Qué dijo la autopsia de la nena que murió tras ser atacada por un perro en Cosquín

Qué dijo la autopsia de la nena que murió tras ser atacada por un perro en Cosquín

En medio de la conmoción generada en Cosquín, por la muerte de una niña de cuatro años tras el feroz ataque de un perro callejero, la autopsia confirmó que la nena falleció a causa de las heridas que le provocó el animal en la zona del cuello y en la cabeza. En total, se contaron 32 lesiones.

El informe fue difundido por la Fiscalía del Segundo Turno de la ciudad. La fiscal Silvana Pen está al frente de la investigación del caso que tuvo como víctima a Lara Monzón Molina y que tuvo un fuerte impactó en la comunidad del Valle de Punilla.

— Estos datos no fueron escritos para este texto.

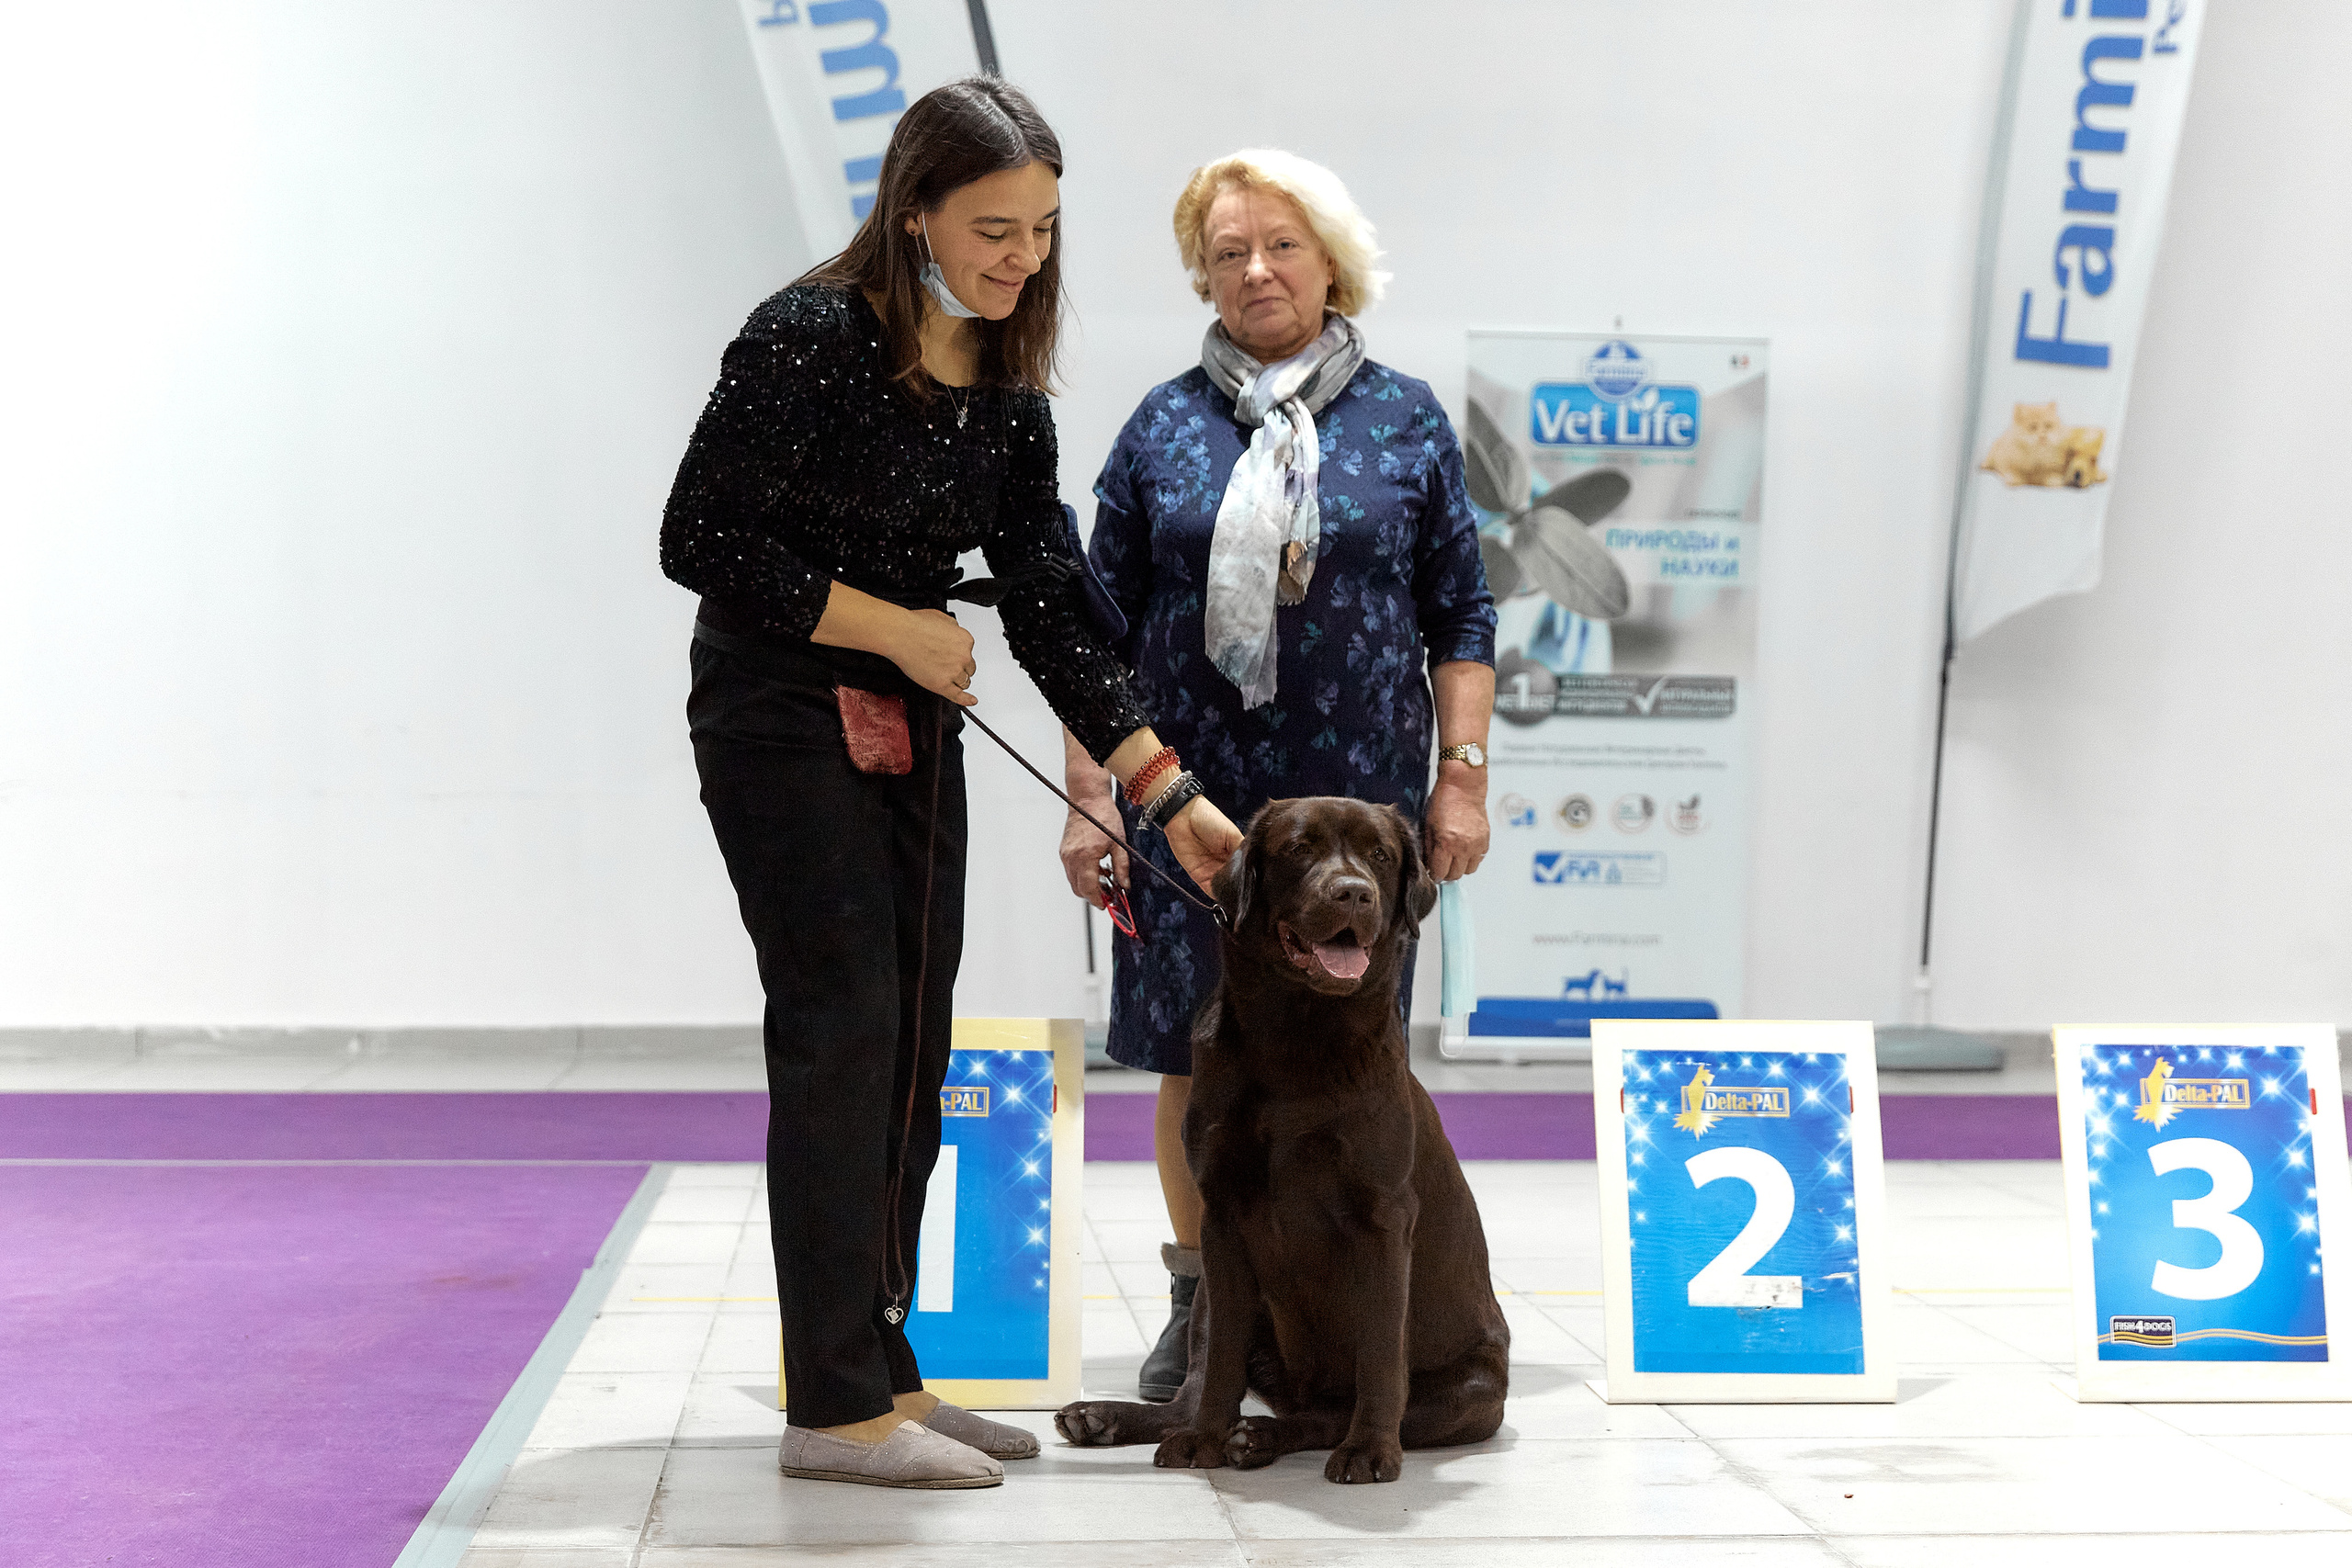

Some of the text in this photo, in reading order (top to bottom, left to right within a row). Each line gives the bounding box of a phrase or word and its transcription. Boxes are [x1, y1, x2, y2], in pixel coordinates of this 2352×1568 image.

[1535, 387, 1694, 446] Vet Life
[1705, 1092, 1782, 1111] Delta-PAL
[2164, 1084, 2244, 1102] Delta-PAL
[1684, 1146, 1804, 1308] 2
[2146, 1137, 2265, 1301] 3

De acuerdo con el reporte del Ministerio Público Fiscal de Córdoba, “la causa eficiente de la muerte fue un shock hipovolémico debido a herida contusa penetrante en el cuello con ruptura de carótida izquierda”.

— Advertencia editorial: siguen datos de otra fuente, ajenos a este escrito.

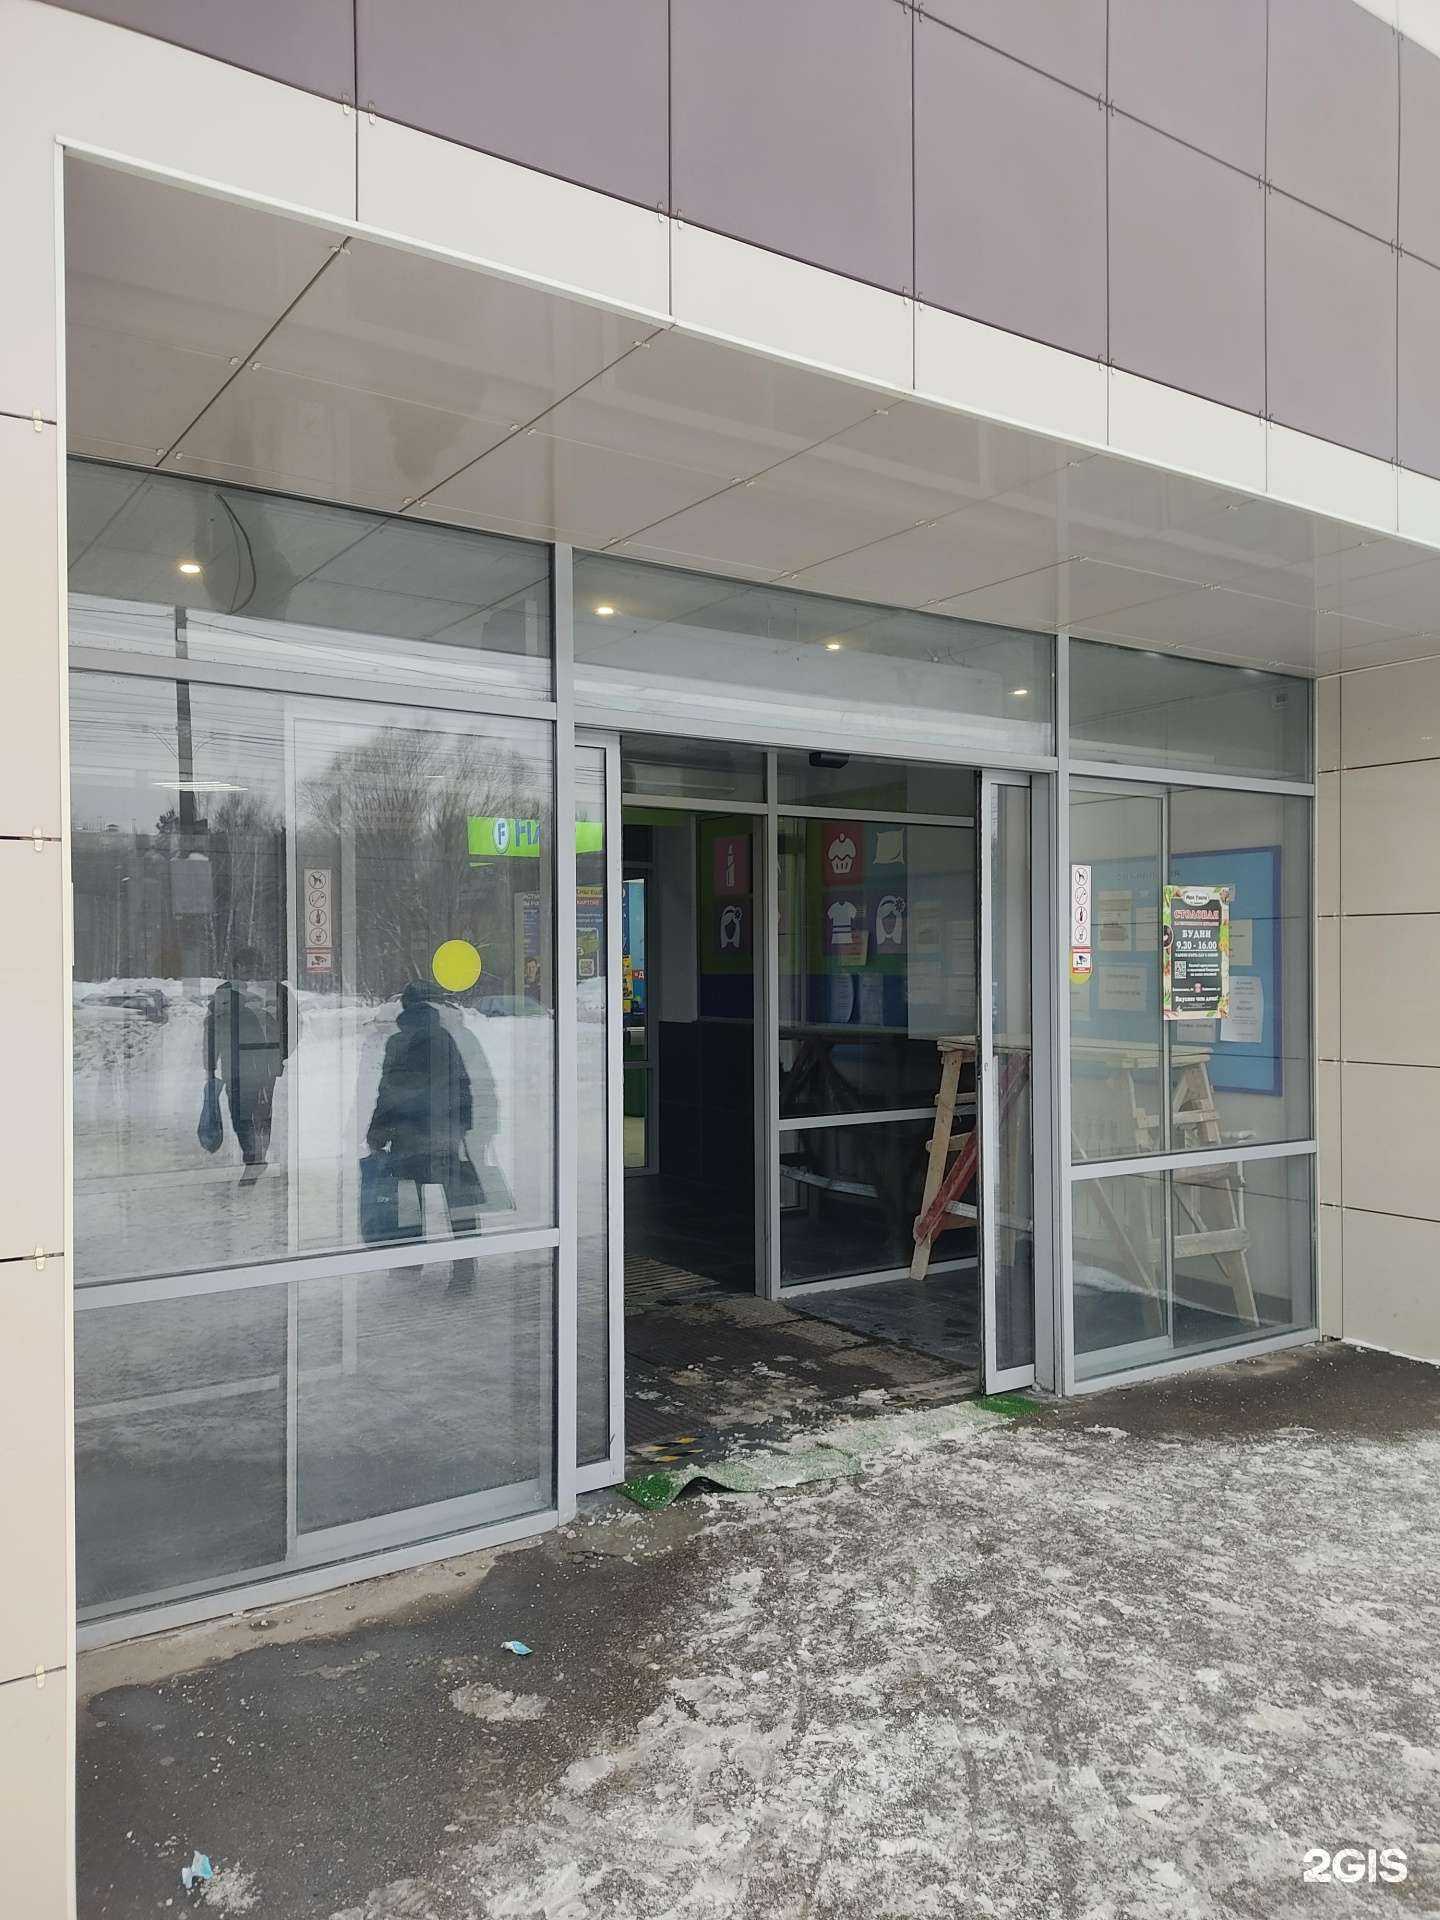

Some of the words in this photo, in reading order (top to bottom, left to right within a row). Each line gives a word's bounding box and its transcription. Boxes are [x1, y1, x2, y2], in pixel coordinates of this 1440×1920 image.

[1174, 910, 1219, 919] СТОЛОВАЯ
[1182, 930, 1211, 938] БУДНИ
[1176, 940, 1192, 949] 9.30
[1198, 940, 1217, 949] 16.00

El análisis forense demostró que la nena tenía “14 lesiones profundas en cuello y cabeza y 18 escoriaciones no penetrantes”, es decir, “estigmas de mordeduras”.

El fatídico episodio ocurrió este miércoles en inmediaciones del cementerio local y en cercanías de la casa de la niña. El perro, de raza mestiza, mordió a Lara, y se ensañó con la zona del cuello.

De acuerdo con El Doce, el ataque tuvo como escenario el terreno de una marmolería. Aparentemente, la nena venía caminando por la calle y, como la puerta estaba abierta, entró al lugar.

El perro estaba comiendo y la niña habría intentado tocarlo, situación que derivó en el ataque mortal. La escena fue descubierta por Roberto, un empleado del cementerio que se acercó alertado por los ruidos que escuchó. Sin embargo, cuando llegó ya nada se podía hacer.

Según dijo a Telenoche, estaba haciendo tareas en el lugar cuando escuchó ruidos que le llamaron la atención, entonces se acercó para saber qué pasaba,

“Me acerqué y el perro estaba muy mal, ensañado. No dejaba entrar a nadie”, dijo y precisó que si bien trató de alejar al animal con los elementos que tenía en la mano, cuando lo logró ya era tarde.

“Yo tenía un escobillón y una botella de agua. El perro retrocedió. Fui a verla y la niñita ya no respiraba”, dijo

En este escenario, la fiscalía continúa con medidas para reconstruir cómo ocurrió el ataque fatal y establecer eventuales responsabilidades. Intentan determinar si el perro tenía dueño que, en palabras del trabajador, hasta el momento “no tenía fama de peligroso”.